Material provided section start
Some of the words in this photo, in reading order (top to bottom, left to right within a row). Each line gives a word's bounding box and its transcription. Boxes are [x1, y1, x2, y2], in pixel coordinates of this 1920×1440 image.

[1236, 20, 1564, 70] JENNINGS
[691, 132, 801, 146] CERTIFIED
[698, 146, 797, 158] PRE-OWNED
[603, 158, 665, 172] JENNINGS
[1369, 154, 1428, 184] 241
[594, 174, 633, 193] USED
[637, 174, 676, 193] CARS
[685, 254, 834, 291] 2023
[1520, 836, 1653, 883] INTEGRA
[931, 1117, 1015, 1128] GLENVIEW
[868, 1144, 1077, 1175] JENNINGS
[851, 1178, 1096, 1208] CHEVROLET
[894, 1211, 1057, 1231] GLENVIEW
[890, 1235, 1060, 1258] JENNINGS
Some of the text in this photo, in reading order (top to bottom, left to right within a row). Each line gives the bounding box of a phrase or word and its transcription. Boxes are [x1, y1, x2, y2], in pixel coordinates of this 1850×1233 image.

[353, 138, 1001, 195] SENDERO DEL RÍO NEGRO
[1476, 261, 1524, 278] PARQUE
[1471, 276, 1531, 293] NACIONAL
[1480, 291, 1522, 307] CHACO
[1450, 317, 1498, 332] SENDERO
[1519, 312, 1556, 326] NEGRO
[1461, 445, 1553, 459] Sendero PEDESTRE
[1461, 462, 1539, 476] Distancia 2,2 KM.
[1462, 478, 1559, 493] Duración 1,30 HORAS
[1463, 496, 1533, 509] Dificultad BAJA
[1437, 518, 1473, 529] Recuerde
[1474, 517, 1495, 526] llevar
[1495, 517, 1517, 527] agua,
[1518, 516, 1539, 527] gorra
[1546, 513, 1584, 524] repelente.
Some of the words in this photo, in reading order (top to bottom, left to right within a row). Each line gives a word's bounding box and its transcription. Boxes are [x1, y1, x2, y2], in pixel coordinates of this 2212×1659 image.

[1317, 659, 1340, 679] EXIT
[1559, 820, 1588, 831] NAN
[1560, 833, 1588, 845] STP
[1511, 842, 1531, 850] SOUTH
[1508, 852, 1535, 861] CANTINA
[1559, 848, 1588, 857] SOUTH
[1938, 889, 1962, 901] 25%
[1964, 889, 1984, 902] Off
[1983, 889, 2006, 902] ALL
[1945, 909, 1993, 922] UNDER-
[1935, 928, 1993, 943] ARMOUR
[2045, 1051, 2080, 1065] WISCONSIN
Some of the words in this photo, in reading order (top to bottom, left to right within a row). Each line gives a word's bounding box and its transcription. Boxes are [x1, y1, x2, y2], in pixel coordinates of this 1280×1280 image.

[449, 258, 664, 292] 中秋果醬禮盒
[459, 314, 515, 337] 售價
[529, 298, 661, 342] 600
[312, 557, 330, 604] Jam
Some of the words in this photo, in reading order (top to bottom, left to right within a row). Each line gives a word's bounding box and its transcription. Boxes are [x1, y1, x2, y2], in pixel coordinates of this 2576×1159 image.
Material provided section end
**Task goal**
Print all the data above word for word.

**Answer section**
Some of the words in this photo, in reading order (top to bottom, left to right within a row). Each line gives a word's bounding box and its transcription. Boxes are [x1, y1, x2, y2], in pixel coordinates of this 1920×1440 image.

[1236, 20, 1564, 70] JENNINGS
[691, 132, 801, 146] CERTIFIED
[698, 146, 797, 158] PRE-OWNED
[603, 158, 665, 172] JENNINGS
[1369, 154, 1428, 184] 241
[594, 174, 633, 193] USED
[637, 174, 676, 193] CARS
[685, 254, 834, 291] 2023
[1520, 836, 1653, 883] INTEGRA
[931, 1117, 1015, 1128] GLENVIEW
[868, 1144, 1077, 1175] JENNINGS
[851, 1178, 1096, 1208] CHEVROLET
[894, 1211, 1057, 1231] GLENVIEW
[890, 1235, 1060, 1258] JENNINGS
Some of the text in this photo, in reading order (top to bottom, left to right within a row). Each line gives the bounding box of a phrase or word and its transcription. Boxes are [x1, y1, x2, y2], in pixel coordinates of this 1850×1233 image.

[353, 138, 1001, 195] SENDERO DEL RÍO NEGRO
[1476, 261, 1524, 278] PARQUE
[1471, 276, 1531, 293] NACIONAL
[1480, 291, 1522, 307] CHACO
[1450, 317, 1498, 332] SENDERO
[1519, 312, 1556, 326] NEGRO
[1461, 445, 1553, 459] Sendero PEDESTRE
[1461, 462, 1539, 476] Distancia 2,2 KM.
[1462, 478, 1559, 493] Duración 1,30 HORAS
[1463, 496, 1533, 509] Dificultad BAJA
[1437, 518, 1473, 529] Recuerde
[1474, 517, 1495, 526] llevar
[1495, 517, 1517, 527] agua,
[1518, 516, 1539, 527] gorra
[1546, 513, 1584, 524] repelente.
Some of the words in this photo, in reading order (top to bottom, left to right within a row). Each line gives a word's bounding box and its transcription. Boxes are [x1, y1, x2, y2], in pixel coordinates of this 2212×1659 image.

[1317, 659, 1340, 679] EXIT
[1559, 820, 1588, 831] NAN
[1560, 833, 1588, 845] STP
[1511, 842, 1531, 850] SOUTH
[1508, 852, 1535, 861] CANTINA
[1559, 848, 1588, 857] SOUTH
[1938, 889, 1962, 901] 25%
[1964, 889, 1984, 902] Off
[1983, 889, 2006, 902] ALL
[1945, 909, 1993, 922] UNDER-
[1935, 928, 1993, 943] ARMOUR
[2045, 1051, 2080, 1065] WISCONSIN
Some of the words in this photo, in reading order (top to bottom, left to right within a row). Each line gives a word's bounding box and its transcription. Boxes are [x1, y1, x2, y2], in pixel coordinates of this 1280×1280 image.

[449, 258, 664, 292] 中秋果醬禮盒
[459, 314, 515, 337] 售價
[529, 298, 661, 342] 600
[312, 557, 330, 604] Jam
Some of the words in this photo, in reading order (top to bottom, left to right within a row). Each line gives a word's bounding box and its transcription. Boxes are [x1, y1, x2, y2], in pixel coordinates of this 2576×1159 image.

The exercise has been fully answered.